◆ WHAT THE EXERCISE ASKS
Without the images, print every line of the material below exactly as given.

◆ INPUT MATERIAL
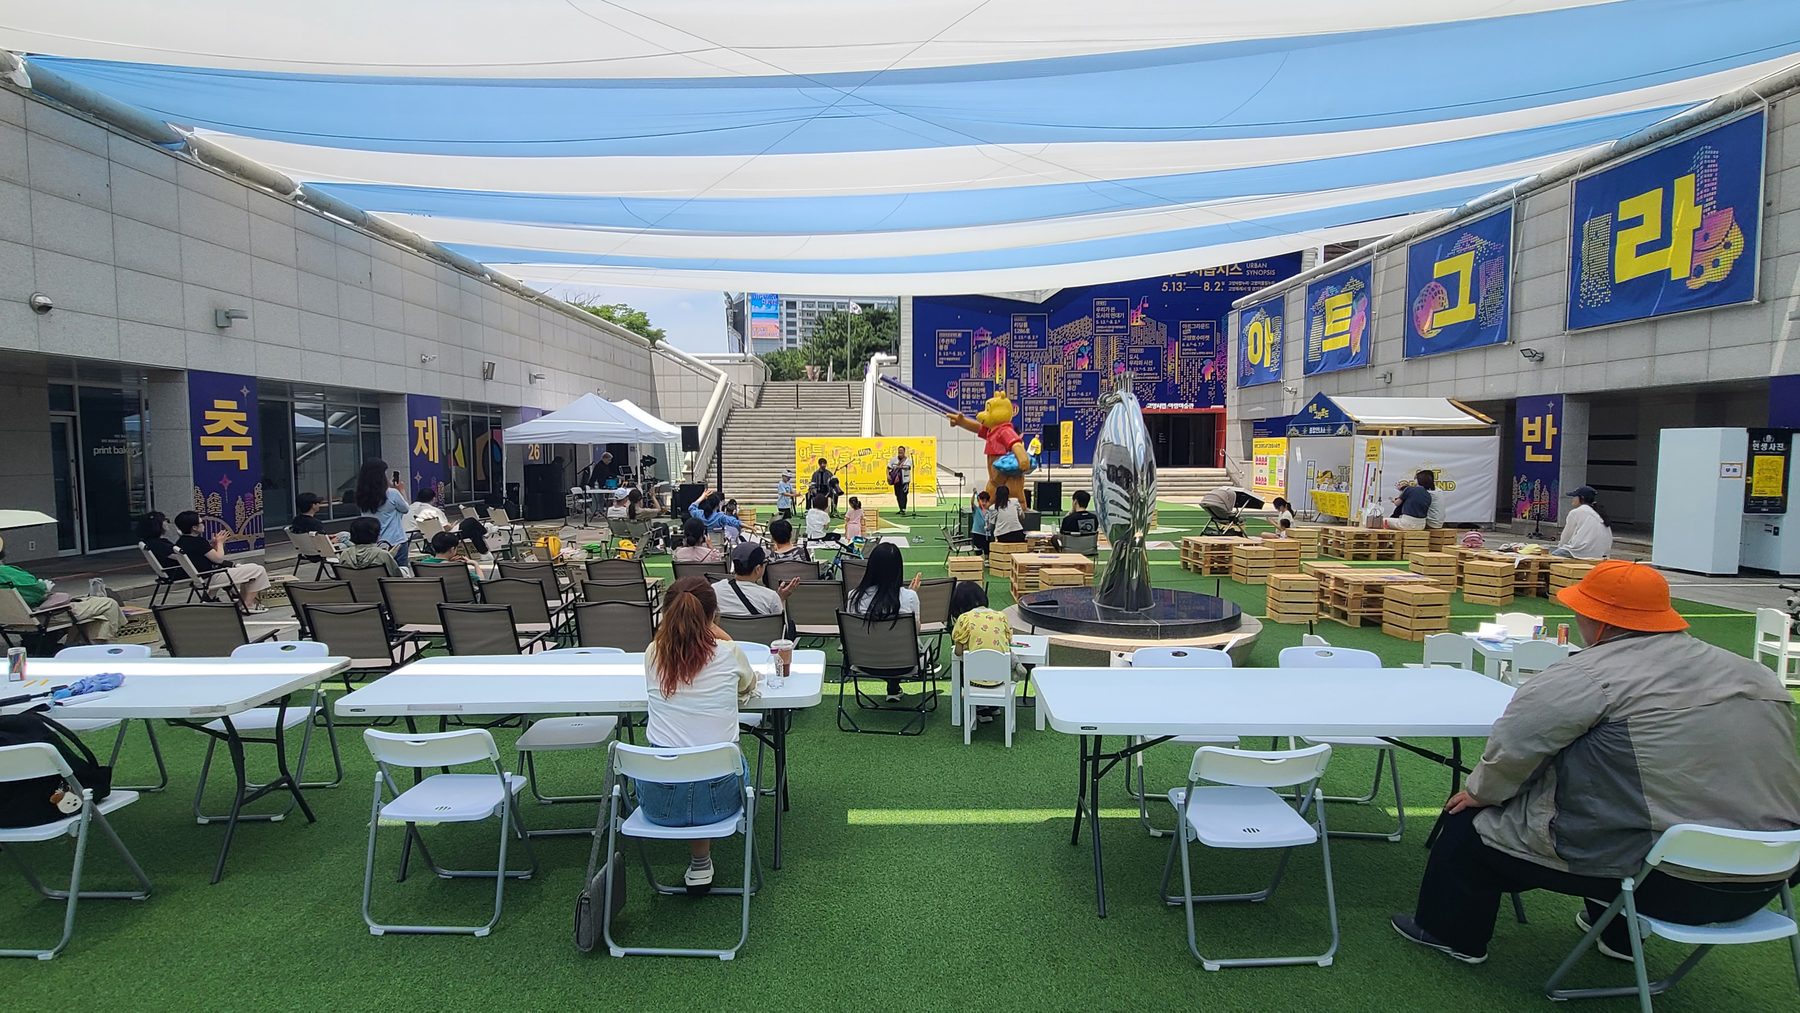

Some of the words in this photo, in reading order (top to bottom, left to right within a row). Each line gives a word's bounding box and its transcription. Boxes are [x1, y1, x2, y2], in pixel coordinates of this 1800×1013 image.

[1615, 174, 1703, 284] 라
[1432, 250, 1477, 328] 그
[1247, 317, 1275, 368] 아
[1322, 292, 1354, 353] 트
[93, 446, 112, 456] print
[200, 399, 253, 470] 축
[413, 416, 439, 463] 제
[1522, 413, 1558, 462] 반
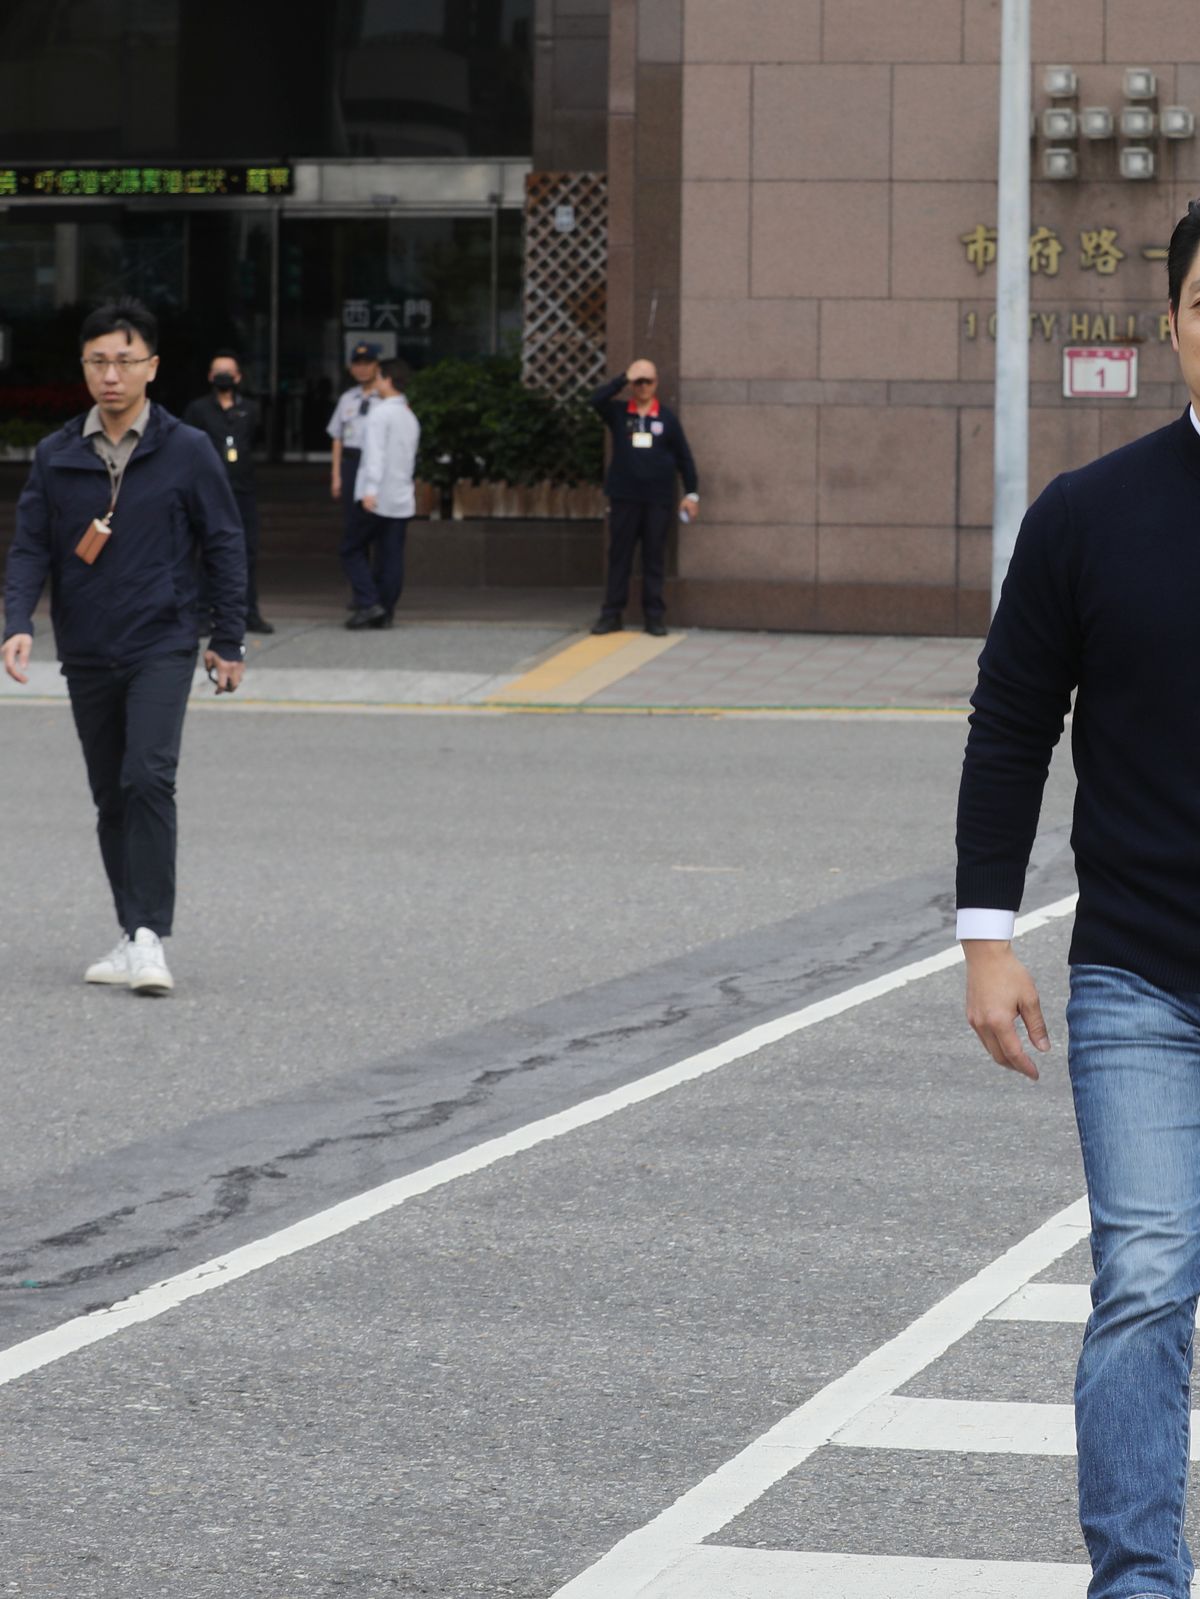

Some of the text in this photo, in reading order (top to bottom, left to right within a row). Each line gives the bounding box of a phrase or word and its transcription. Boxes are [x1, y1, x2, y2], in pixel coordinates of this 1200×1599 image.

[342, 299, 432, 329] 西大門
[1095, 367, 1105, 388] 1

◆ WRITTEN SOLUTION
Some of the words in this photo, in reading order (top to bottom, left to right within a row). Each line gives a word's bounding box and its transcription. Boxes are [x1, y1, x2, y2], in pixel coordinates of this 1800×1013 image.

[1615, 174, 1703, 284] 라
[1432, 250, 1477, 328] 그
[1247, 317, 1275, 368] 아
[1322, 292, 1354, 353] 트
[93, 446, 112, 456] print
[200, 399, 253, 470] 축
[413, 416, 439, 463] 제
[1522, 413, 1558, 462] 반

Some of the text in this photo, in reading order (top to bottom, left to right within a row). Each line gives the bounding box of a phrase or word and its transcription. Boxes are [x1, y1, x2, y2], in pixel coordinates of this 1200×1599 image.

[342, 299, 432, 329] 西大門
[1095, 367, 1105, 388] 1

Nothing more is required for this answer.